Your goal
Could you transcribe the material below exactly, without leaving out a single line?

---------- Supplied material

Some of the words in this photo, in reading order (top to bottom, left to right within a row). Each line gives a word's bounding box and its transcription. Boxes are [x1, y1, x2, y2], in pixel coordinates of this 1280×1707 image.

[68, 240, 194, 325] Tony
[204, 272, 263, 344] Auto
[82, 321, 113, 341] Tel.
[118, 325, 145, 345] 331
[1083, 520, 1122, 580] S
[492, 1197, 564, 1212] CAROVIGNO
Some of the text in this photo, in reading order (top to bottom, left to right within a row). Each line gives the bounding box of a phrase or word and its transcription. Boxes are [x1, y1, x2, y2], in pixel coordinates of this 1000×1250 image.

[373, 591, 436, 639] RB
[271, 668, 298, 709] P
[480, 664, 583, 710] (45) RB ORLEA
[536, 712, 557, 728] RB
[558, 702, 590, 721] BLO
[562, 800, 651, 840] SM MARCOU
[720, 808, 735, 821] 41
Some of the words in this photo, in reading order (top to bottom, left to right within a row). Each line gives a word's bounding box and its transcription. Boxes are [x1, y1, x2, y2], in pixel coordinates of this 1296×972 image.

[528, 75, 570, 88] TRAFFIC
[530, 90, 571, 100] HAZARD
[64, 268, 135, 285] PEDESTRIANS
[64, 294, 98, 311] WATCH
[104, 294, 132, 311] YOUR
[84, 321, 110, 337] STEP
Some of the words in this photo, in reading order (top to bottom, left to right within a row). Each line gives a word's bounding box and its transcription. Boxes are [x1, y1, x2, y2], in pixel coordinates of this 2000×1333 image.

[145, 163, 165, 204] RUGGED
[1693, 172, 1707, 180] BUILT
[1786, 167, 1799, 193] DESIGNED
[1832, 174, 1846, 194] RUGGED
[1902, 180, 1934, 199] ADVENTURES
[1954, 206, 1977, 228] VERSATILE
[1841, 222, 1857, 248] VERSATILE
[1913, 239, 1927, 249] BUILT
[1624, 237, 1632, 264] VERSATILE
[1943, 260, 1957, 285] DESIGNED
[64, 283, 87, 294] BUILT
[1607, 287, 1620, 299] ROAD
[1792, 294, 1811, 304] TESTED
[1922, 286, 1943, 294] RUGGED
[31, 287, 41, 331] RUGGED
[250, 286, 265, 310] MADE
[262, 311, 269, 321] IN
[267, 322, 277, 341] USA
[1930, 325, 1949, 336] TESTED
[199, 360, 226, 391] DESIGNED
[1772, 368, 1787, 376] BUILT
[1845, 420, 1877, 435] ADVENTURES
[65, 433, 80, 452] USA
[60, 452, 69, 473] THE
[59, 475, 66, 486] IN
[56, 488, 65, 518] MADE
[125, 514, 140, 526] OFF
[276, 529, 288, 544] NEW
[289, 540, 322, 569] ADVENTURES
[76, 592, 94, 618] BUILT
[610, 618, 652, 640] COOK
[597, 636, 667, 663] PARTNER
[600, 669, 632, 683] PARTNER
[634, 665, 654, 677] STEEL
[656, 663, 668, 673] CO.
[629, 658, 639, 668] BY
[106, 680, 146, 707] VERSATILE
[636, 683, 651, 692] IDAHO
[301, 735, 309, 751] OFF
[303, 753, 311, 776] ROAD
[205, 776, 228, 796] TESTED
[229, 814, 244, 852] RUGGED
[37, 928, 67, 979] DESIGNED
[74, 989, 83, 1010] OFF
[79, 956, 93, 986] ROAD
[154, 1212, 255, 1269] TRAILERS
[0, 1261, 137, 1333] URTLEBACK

--------------------

The completed task
Some of the words in this photo, in reading order (top to bottom, left to right within a row). Each line gives a word's bounding box and its transcription. Boxes are [x1, y1, x2, y2], in pixel coordinates of this 1280×1707 image.

[68, 240, 194, 325] Tony
[204, 272, 263, 344] Auto
[82, 321, 113, 341] Tel.
[118, 325, 145, 345] 331
[1083, 520, 1122, 580] S
[492, 1197, 564, 1212] CAROVIGNO
Some of the text in this photo, in reading order (top to bottom, left to right within a row). Each line gives the bounding box of a phrase or word and its transcription. Boxes are [x1, y1, x2, y2], in pixel coordinates of this 1000×1250 image.

[373, 591, 436, 639] RB
[271, 668, 298, 709] P
[480, 664, 583, 710] (45) RB ORLEA
[536, 712, 557, 728] RB
[558, 702, 590, 721] BLO
[562, 800, 651, 840] SM MARCOU
[720, 808, 735, 821] 41
Some of the words in this photo, in reading order (top to bottom, left to right within a row). Each line gives a word's bounding box and its transcription. Boxes are [x1, y1, x2, y2], in pixel coordinates of this 1296×972 image.

[528, 75, 570, 88] TRAFFIC
[530, 90, 571, 100] HAZARD
[64, 268, 135, 285] PEDESTRIANS
[64, 294, 98, 311] WATCH
[104, 294, 132, 311] YOUR
[84, 321, 110, 337] STEP
Some of the words in this photo, in reading order (top to bottom, left to right within a row). Each line gives a word's bounding box and its transcription. Boxes are [x1, y1, x2, y2], in pixel coordinates of this 2000×1333 image.

[145, 163, 165, 204] RUGGED
[1693, 172, 1707, 180] BUILT
[1786, 167, 1799, 193] DESIGNED
[1832, 174, 1846, 194] RUGGED
[1902, 180, 1934, 199] ADVENTURES
[1954, 206, 1977, 228] VERSATILE
[1841, 222, 1857, 248] VERSATILE
[1913, 239, 1927, 249] BUILT
[1624, 237, 1632, 264] VERSATILE
[1943, 260, 1957, 285] DESIGNED
[64, 283, 87, 294] BUILT
[1607, 287, 1620, 299] ROAD
[1792, 294, 1811, 304] TESTED
[1922, 286, 1943, 294] RUGGED
[31, 287, 41, 331] RUGGED
[250, 286, 265, 310] MADE
[262, 311, 269, 321] IN
[267, 322, 277, 341] USA
[1930, 325, 1949, 336] TESTED
[199, 360, 226, 391] DESIGNED
[1772, 368, 1787, 376] BUILT
[1845, 420, 1877, 435] ADVENTURES
[65, 433, 80, 452] USA
[60, 452, 69, 473] THE
[59, 475, 66, 486] IN
[56, 488, 65, 518] MADE
[125, 514, 140, 526] OFF
[276, 529, 288, 544] NEW
[289, 540, 322, 569] ADVENTURES
[76, 592, 94, 618] BUILT
[610, 618, 652, 640] COOK
[597, 636, 667, 663] PARTNER
[600, 669, 632, 683] PARTNER
[634, 665, 654, 677] STEEL
[656, 663, 668, 673] CO.
[629, 658, 639, 668] BY
[106, 680, 146, 707] VERSATILE
[636, 683, 651, 692] IDAHO
[301, 735, 309, 751] OFF
[303, 753, 311, 776] ROAD
[205, 776, 228, 796] TESTED
[229, 814, 244, 852] RUGGED
[37, 928, 67, 979] DESIGNED
[74, 989, 83, 1010] OFF
[79, 956, 93, 986] ROAD
[154, 1212, 255, 1269] TRAILERS
[0, 1261, 137, 1333] URTLEBACK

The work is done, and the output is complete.